> **Source information**:

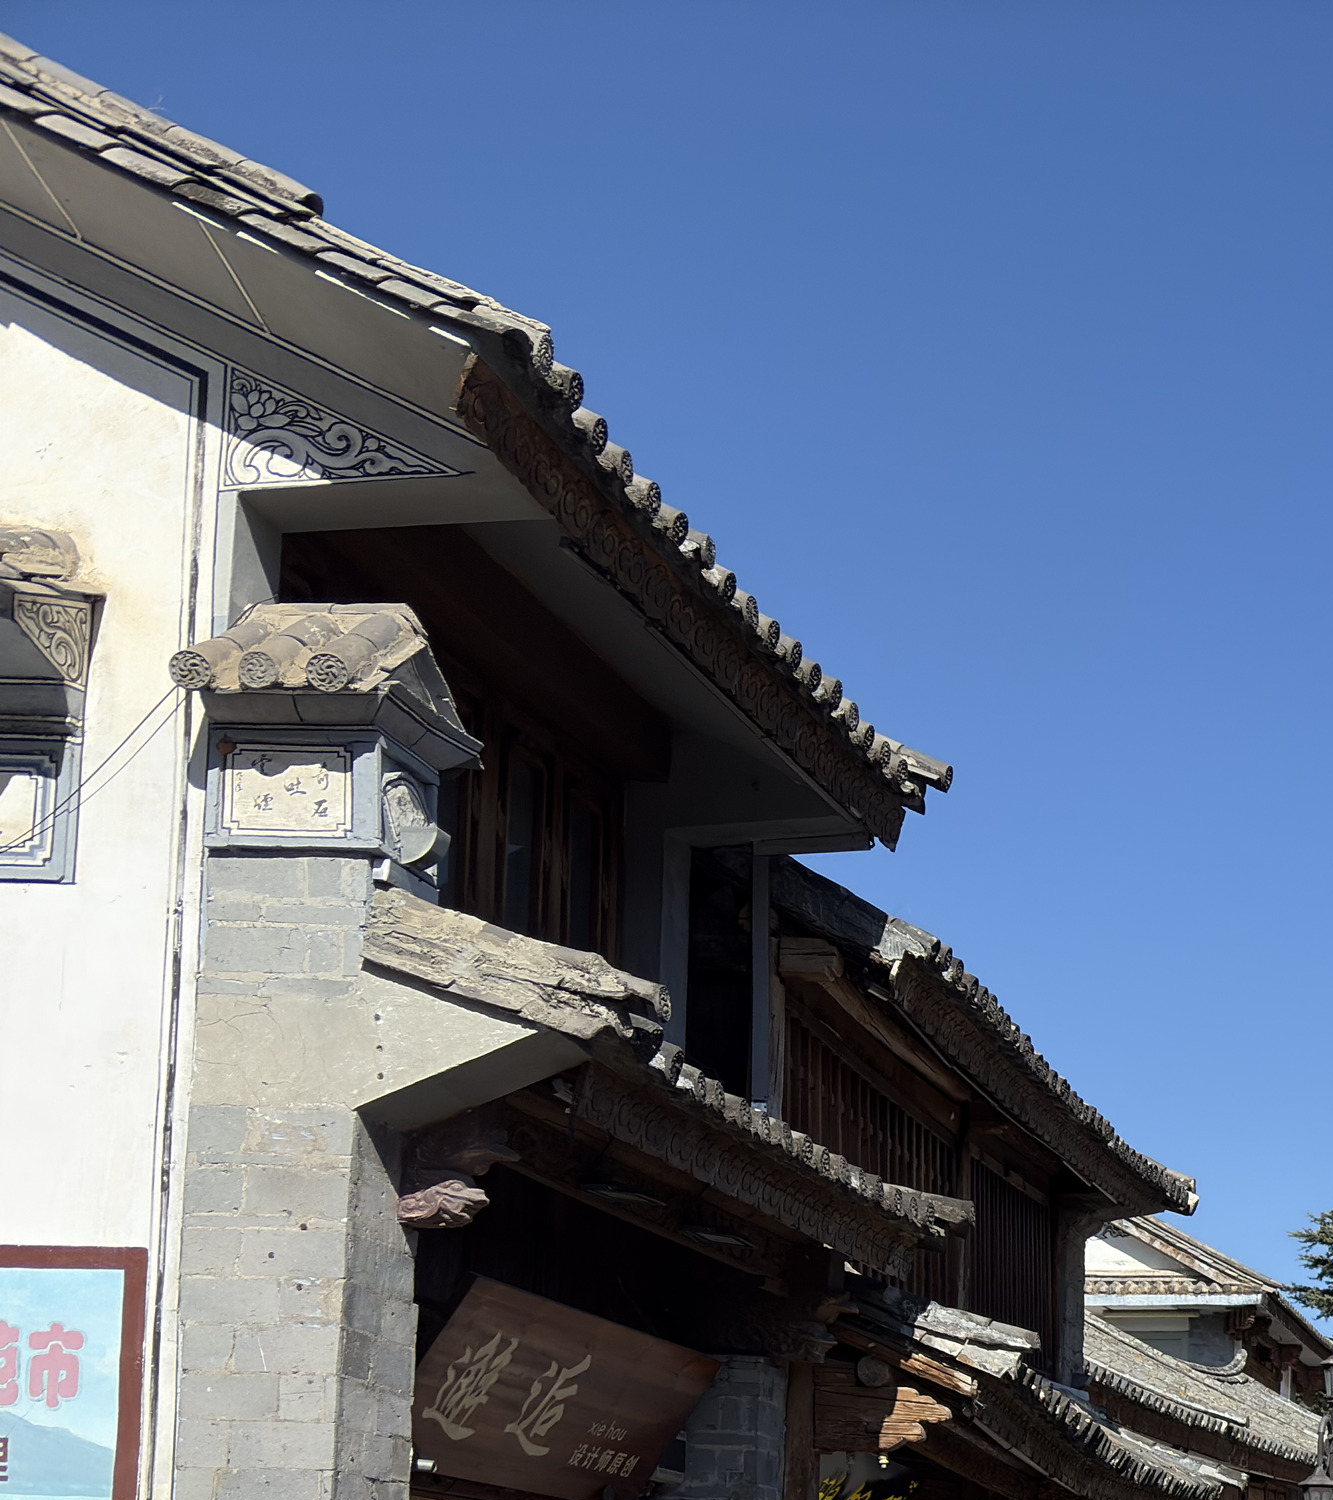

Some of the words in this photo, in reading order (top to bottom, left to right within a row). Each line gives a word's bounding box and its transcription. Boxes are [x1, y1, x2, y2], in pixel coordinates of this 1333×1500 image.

[422, 1330, 592, 1456] 邂逅
[588, 1421, 605, 1438] xie
[606, 1422, 627, 1440] hou
[568, 1444, 640, 1478] 设计师原创

> **Your task**: Leave the images out and give the rest of the data again exactly.

> **Output for this task**:
Some of the words in this photo, in reading order (top to bottom, left to right within a row). Each line gives a word's bounding box and its transcription. Boxes are [x1, y1, x2, y2], in pixel coordinates of this 1333×1500 image.

[422, 1330, 592, 1456] 邂逅
[588, 1421, 605, 1438] xie
[606, 1422, 627, 1440] hou
[568, 1444, 640, 1478] 设计师原创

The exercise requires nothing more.